Panzer, Winterkleidung und Zelte: Der Bundeswehr fehlt für ihren Einsatz bei der schnellen Nato-Eingreiftruppe Medienberichten zufolge teilweise die Ausrüstung. Das Verteidigungsministerium relativiert die Berichte. Sicherheitspolitiker befürchten dennoch, die Mängel seien nur die Spitze des Eisbergs.

Von Klaus Remme | 19.02.2018
    Soldaten der Bundeswehr, die von Auslandseinsätzen zurückgekommen sind, nehmen am 06.09.2016 an einem Rückkehrer-Appell auf dem Marktplatz in Storkow (Brandenburg) teil.
    Die Berichte über den Zustand der Bundeswehr-Austrüstung sorgen parteiübergreifend für Kritik (dpa / picture alliance / Patrickl Pleul)
    Gemessen am Anspruch, den die Bundesverteidigungsministerin an die sicherheitspolitische Verantwortung Deutschlands stellt, sorgen anhaltende Schlagzeilen zum Zustand der Bundeswehr parteiübergreifend für Kritik. Berichtete die "Welt" in der vergangenen Woche aus einem vertraulichen Bericht über die Ausrüstungslage in puncto einsatzbereite Kampf- und Schützenpanzer, ist es jetzt die "Rheinische Post", die aus einem Papier des Ministeriums zitiert und das Augenmerk auf Zelte, Winterbekleidung und Schutzwesten lenkt.
    Lücken auch in der Unterbringung
    "Im Bereich bewegliche Unterbringung im Einsatz weist das Heer bis mindestens 2021 eine Fähigkeitslücke auf", heißt es in dem Papier. Wie schon bei den Panzern werden die Mängel durch die in zehn Monaten anstehende Führungsverantwortung für die sogenannte Speerspitze, der NATO Eingreiftruppe in Osteuropa, offenbar. 10.282 Unterbringungseinheiten seien dafür notwendig. Nur 2.500 stünden zur Verfügung, diese seien für den Zweck aber gar nicht geeignet. Tobias Lindner, Verteidigungspolitiker der Grünen im Bundestag, reicht es. Er sagte heute Morgen im Deutschlandfunk:
    "Als Grüne haben wir beantragt, dass Frau von der Leyen am Mittwoch in den Verteidigungsausschuss kommen und zu diesen Presseveröffentlichungen Stellung nehmen soll. Ich erwarte schon von der Ministerin, dass wir als Abgeordnete nicht nur scheibchenweise aus der Presse neue Mängel erfahren, sondern dass die Ministerin und die Inspekteure der Teilstreitkräfte darstellen, wie die Lage ist."

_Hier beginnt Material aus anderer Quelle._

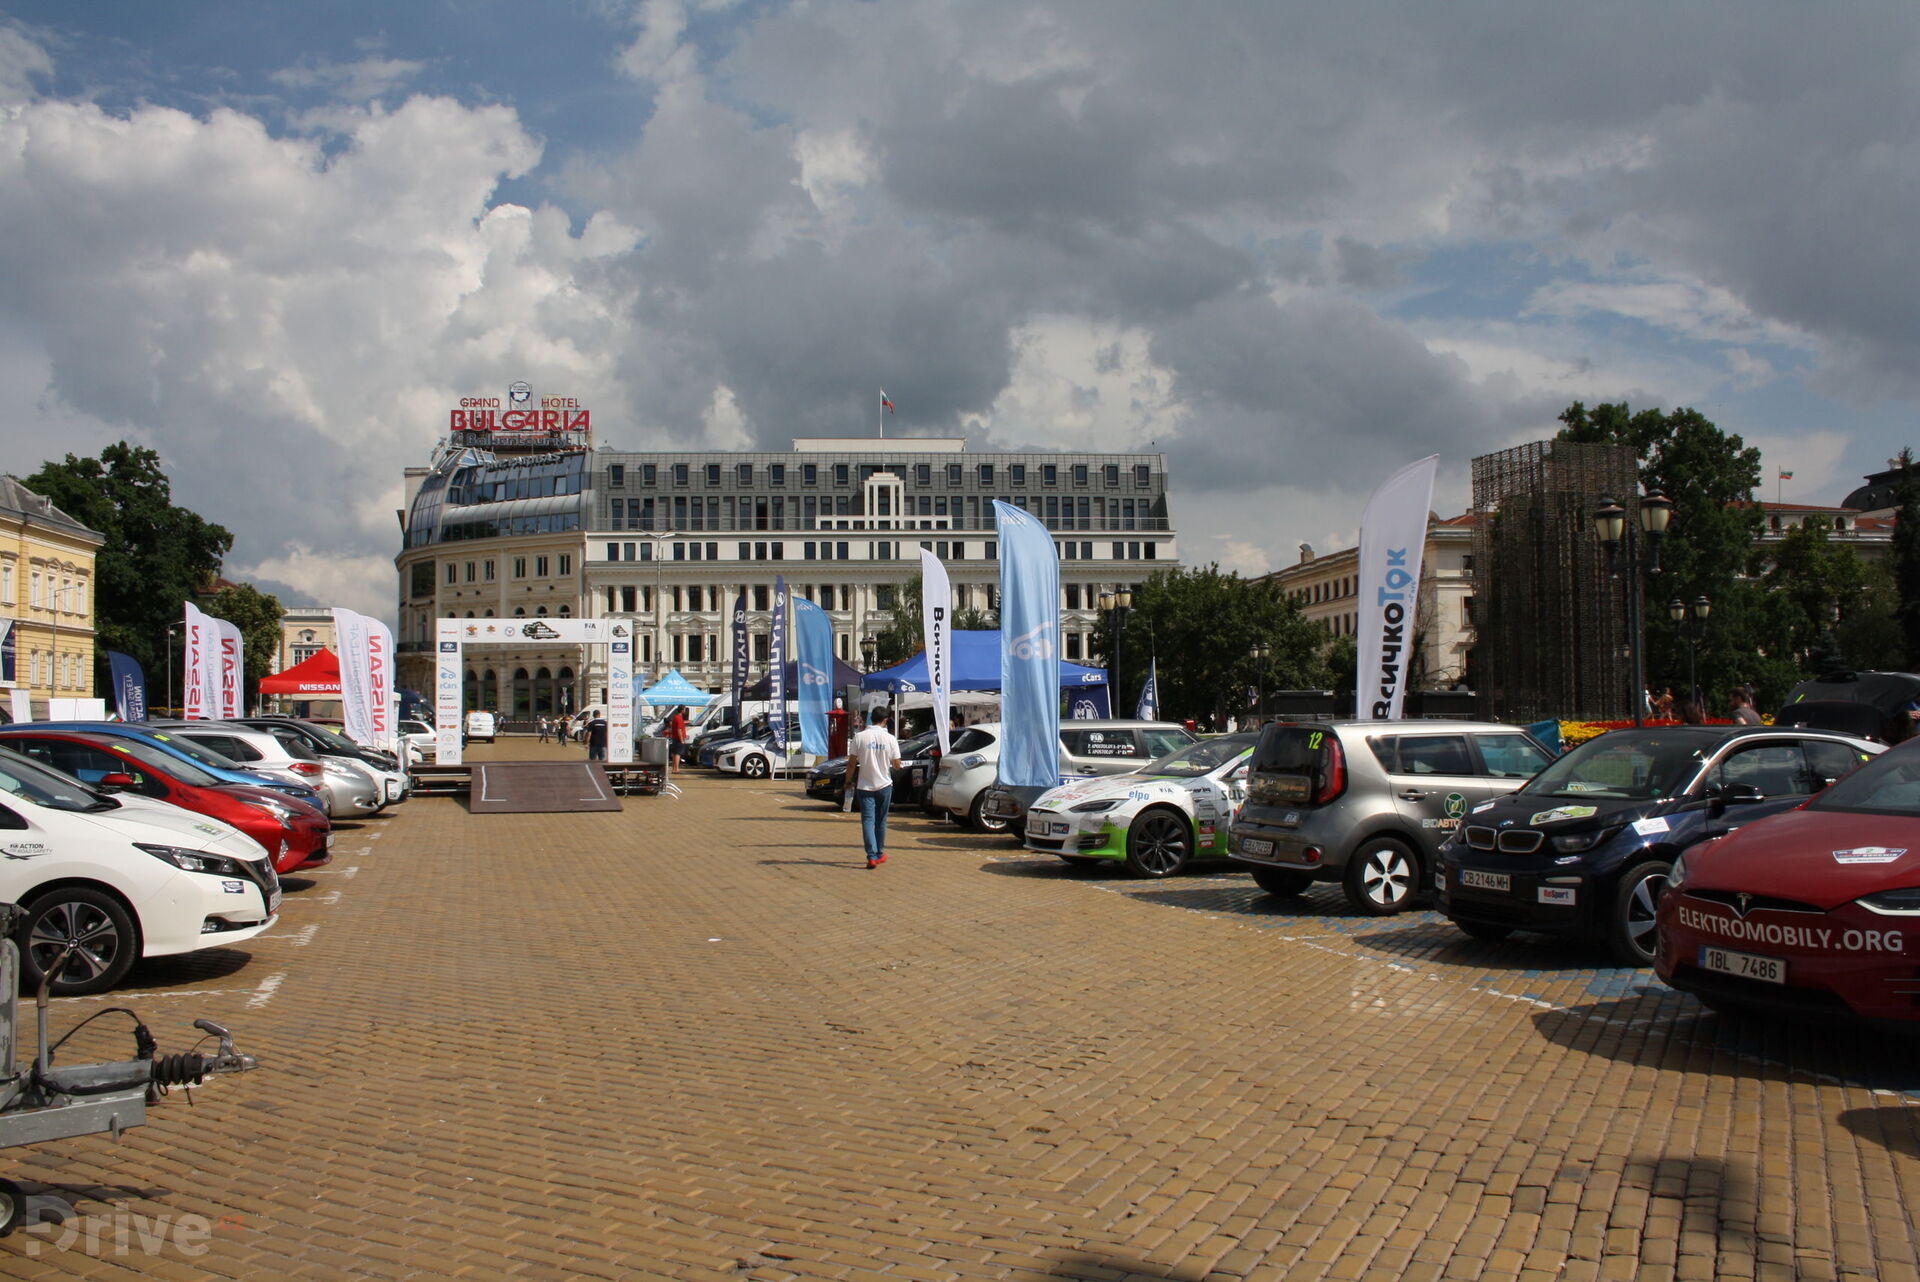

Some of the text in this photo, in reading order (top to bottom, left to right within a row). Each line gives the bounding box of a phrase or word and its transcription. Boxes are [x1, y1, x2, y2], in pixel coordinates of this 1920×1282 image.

    Inmitten einer Art Inventur
    Das Verteidigungsministerium sieht das alles weit weniger problematisch. Man bereite sich momentan auf die Führungsaufgabe im kommenden Jahr vor. Dazu gehöre eine Art Inventur, so der Sprecher von Ursula von der Leyen heute Vormittag in Berlin und weiter:
    "Papiere, aus denen jetzt in der Presse zitiert wird, sind mit hoher Wahrscheinlichkeit Antragsunterlagen aus diesem Prozess, das heißt nicht, dass die benötigte Ausrüstung grundsätzlich in der Bundeswehr nicht verfügbar ist oder im gebotenen Zeitraum nicht beschaffbar ist."
    Lage schön geredet?
    Mittelfristig zeichnete der Ministeriumssprecher ein noch positiveres Bild. Der Rüstungsstau sei in den vergangenen Jahren aufgelöst worden, der Wert der vom Haushaltsausschuss genehmigten Aufträge habe sich verfünffacht. Doch schon in der vergangenen Woche hatten Außen- und Sicherheitspolitiker aller Parteien die derzeitige Lage massiv kritisiert. Tobias Lindner von den Grünen ergänzt heute Morgen:
    "Ich kann mir schon vorstellen, dass das erst die Spitze des Eisbergs ist, weil mich jetzt schon interessieren würde, wie steht es um die Schiffe, wie um die Flugzeuge und ich hab den Eindruck gewonnen, dass es sich die Kommandobehörden nicht gefallen lassen, dass die Lage schön geredet wird, wenigstens gibt’s da eine Kultur die sagt, wenn ihr uns den Auftrag gebt, wie, die Speerspitze der NATO zu stellen, dann sagen wir auch ganz ehrlich, wie es um unser Material steht."